廖宣的脸侧一片绯红的五指印痕。
“你解脱?可能吗?揭发你后,身为同族的我们会有好日子过吗?”白衣男子收回微红的手,冷至更深道“没有人可以决定别人的命运,但是弱者除外,我们连自己的族氏都要灭绝了,哪里有尊严可谈?”
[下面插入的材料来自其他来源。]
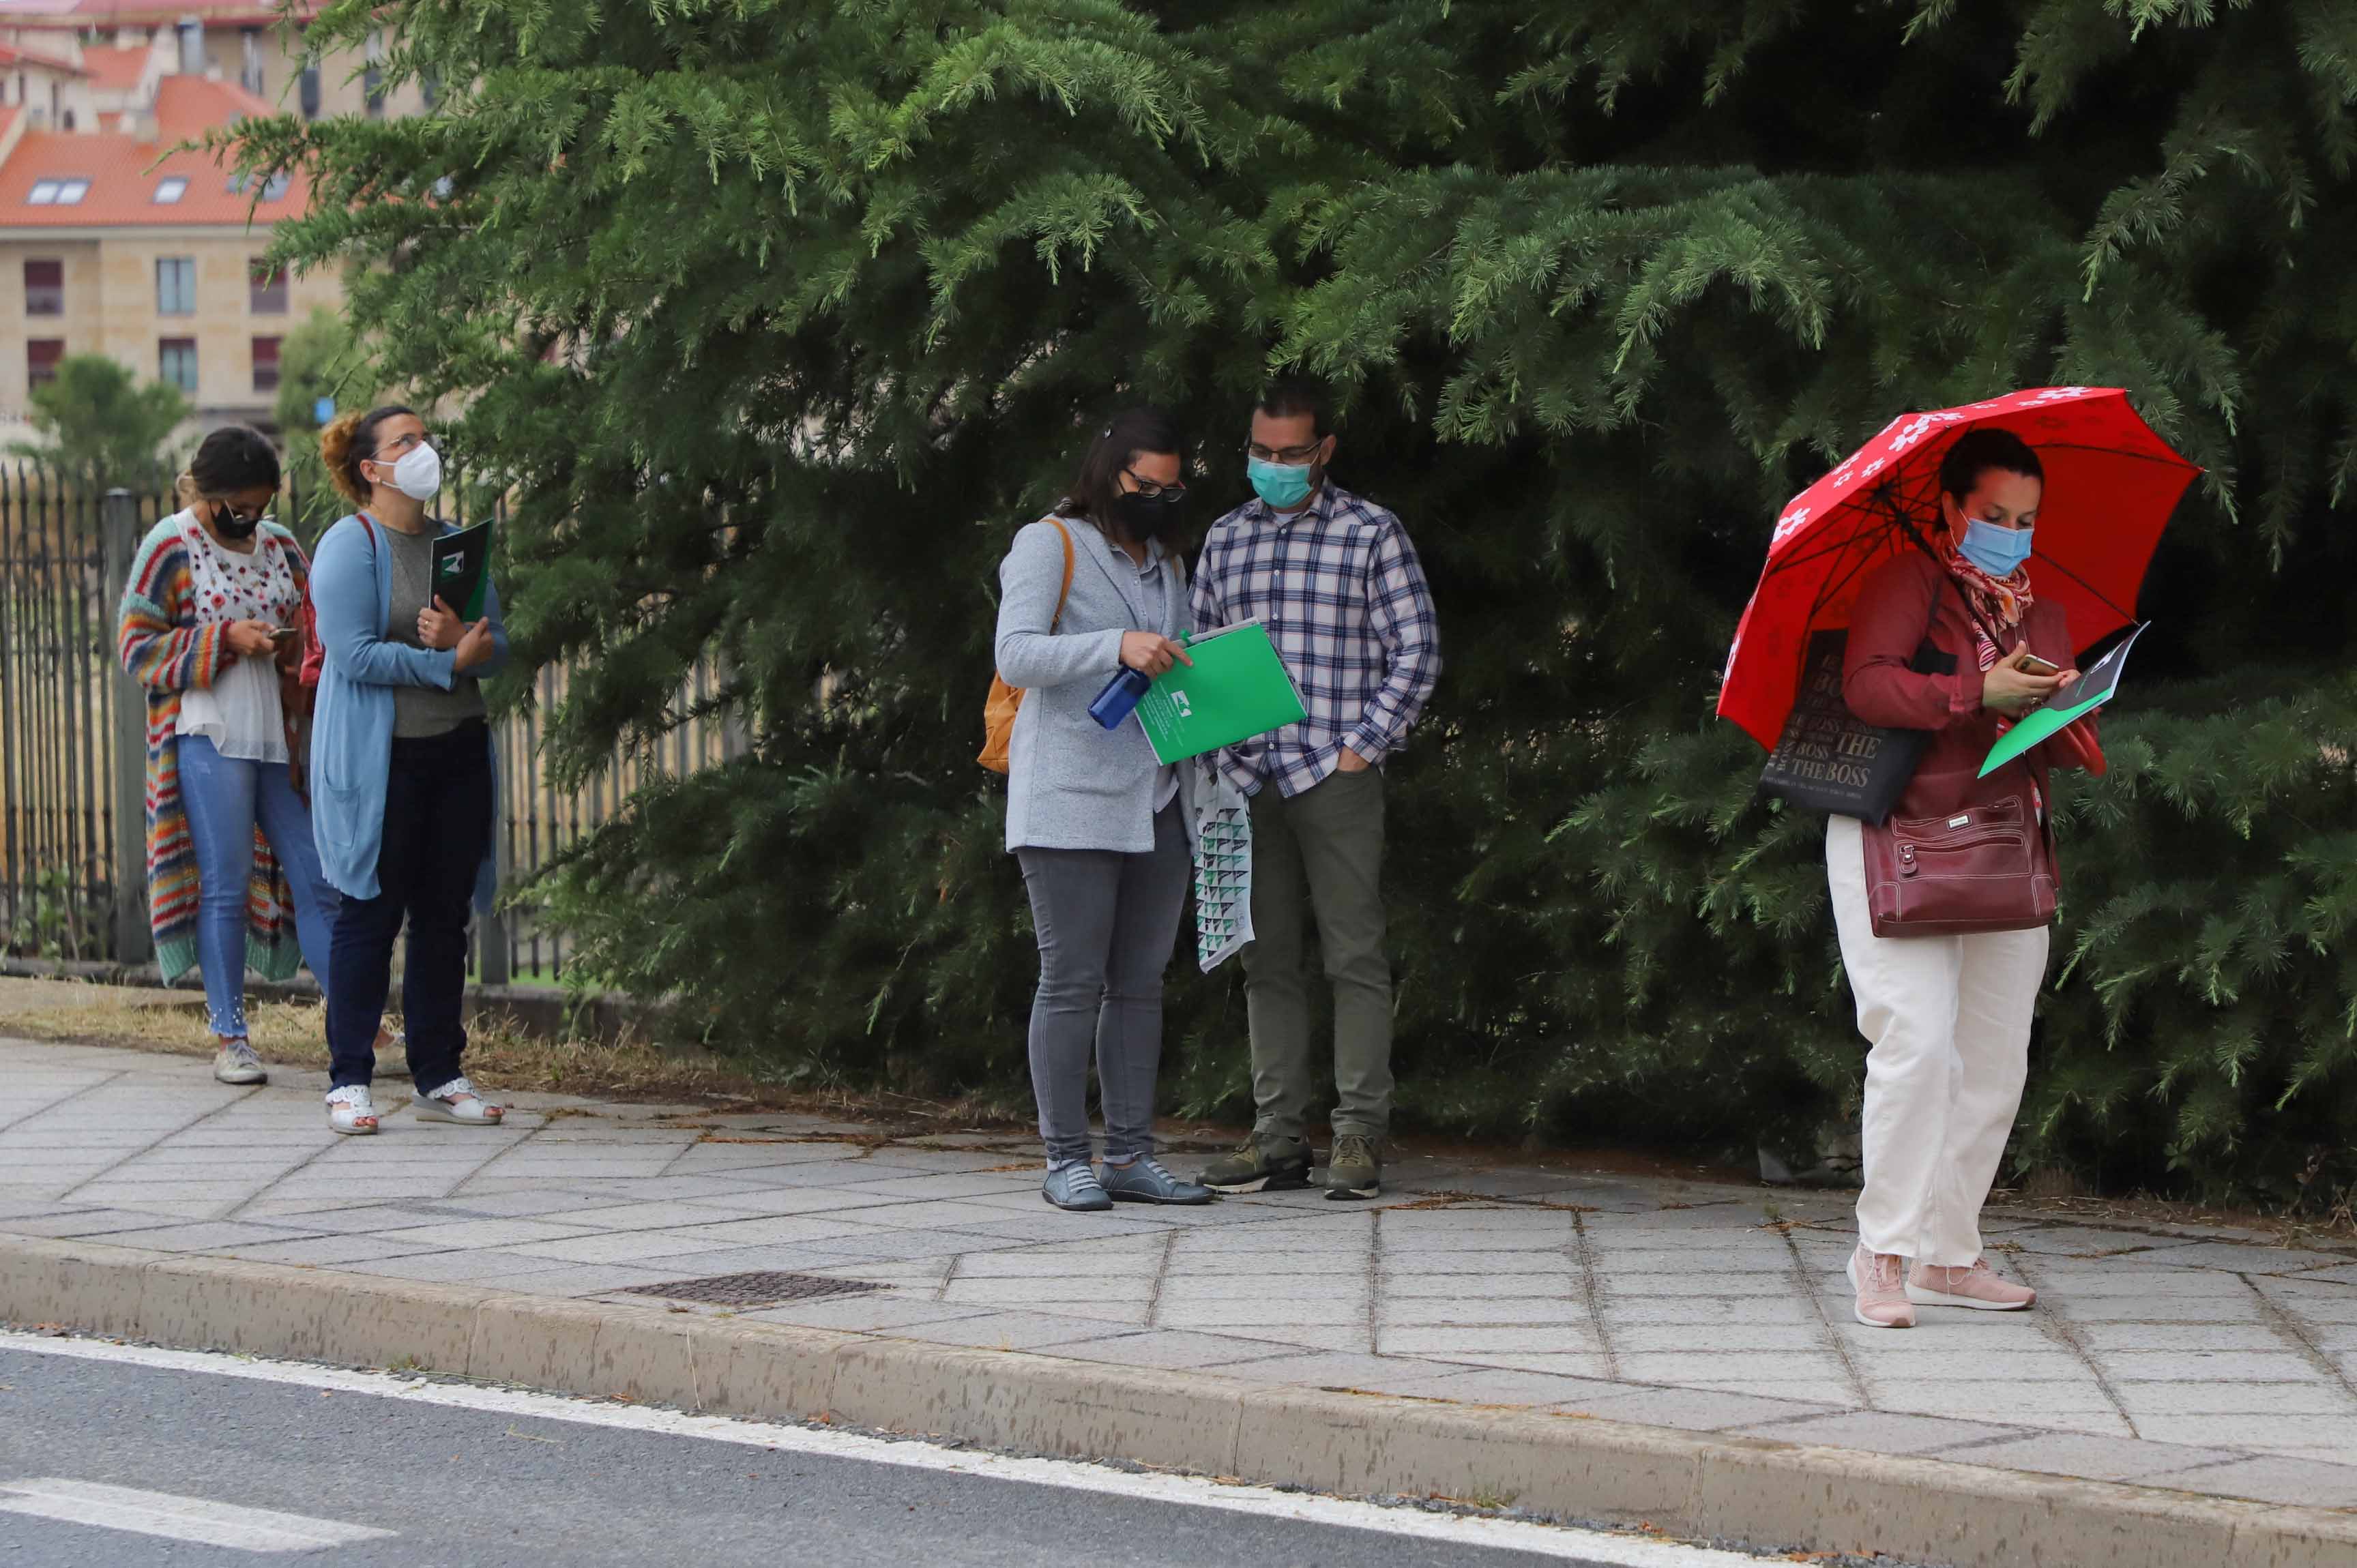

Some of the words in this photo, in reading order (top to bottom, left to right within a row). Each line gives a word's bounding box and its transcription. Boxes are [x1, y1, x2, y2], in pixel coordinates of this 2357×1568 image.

[1796, 741, 1829, 760] BOSS
[1835, 732, 1882, 759] THE
[1791, 758, 1825, 780] THE
[1826, 762, 1871, 787] BOSS
“就这么美美的老死下去吧……”阴处的美男总是一语中的。
廖宣满脸愤慨,他虽是年纪最小的,却有自己的骨气,只是白衣男子的话亦很有道理,他们这些人族的男宠身价低贱,一荣俱荣,一损俱损。
凉亭里的人见没有了和谐的气氛,陆陆续续找了借口,各自回宫。
虫儿看得意兴阑珊,这皇宫大了,什么事情都有可能遇见,刚准备继续搜寻樱祭夜,绝心鬼使神差地站在身后,吓得虫儿以为偷听被人捉住了。
绝心脸色暗沉,一把揪住她的衣领拖曳进小树林,他的手宛如钢夹,任凭虫儿如何挣扎也摆脱不及。
小树林啊,干坏事的小树林!
由着绝心的野蛮行径,进入小树林后,想来自己也打不过他,万一他脑子哪根筋没抽对,来个杀人灭尸,姑奶奶就亏大发了。
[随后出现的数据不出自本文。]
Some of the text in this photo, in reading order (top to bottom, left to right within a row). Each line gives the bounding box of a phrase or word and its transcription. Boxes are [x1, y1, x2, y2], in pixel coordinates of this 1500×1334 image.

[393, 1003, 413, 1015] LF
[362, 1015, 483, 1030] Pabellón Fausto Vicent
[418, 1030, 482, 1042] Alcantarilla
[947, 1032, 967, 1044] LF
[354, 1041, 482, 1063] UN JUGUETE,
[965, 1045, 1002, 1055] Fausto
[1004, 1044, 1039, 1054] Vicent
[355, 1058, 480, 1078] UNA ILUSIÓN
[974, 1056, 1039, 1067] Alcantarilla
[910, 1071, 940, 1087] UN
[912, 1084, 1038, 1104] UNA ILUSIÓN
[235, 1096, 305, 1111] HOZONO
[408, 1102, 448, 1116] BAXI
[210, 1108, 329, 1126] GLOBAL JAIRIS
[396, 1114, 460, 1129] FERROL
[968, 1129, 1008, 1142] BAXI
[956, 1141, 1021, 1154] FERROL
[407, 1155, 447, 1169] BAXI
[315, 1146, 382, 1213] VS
他一驻足,虫儿便主动承认错误道“绝心大哥,虫儿福薄命贱,自知命格不祥天煞孤星,居然还漠视劝阻接近殿下,如今连累殿下遭此解难,虫儿心里亦是难过万分,请绝心大哥降罪,虫儿绝无怨言。”
绝心顿了片刻,言道“昨夜,谁去过,浮界?”
嗯?
看他杀人一般的行为以为是来兴师问罪的?
怕白璃魄的行迹被暴露,赶紧包庇道“没人,真的,我发誓!”
绝心使劲看着不语,眼神犀利如刀,几乎钻进虫儿的脆弱心灵。
他不会看穿自己在撒谎吧?
心里正嘀嘀咕咕,绝心再道“可是,浮界上,似乎,被人,乱翻过。”
乱翻?
难道白璃魄把她吻倒的真正目的,是要在浮界上作手脚?屁大块地方就矗立一棵孤树,能有什么好藏的东西。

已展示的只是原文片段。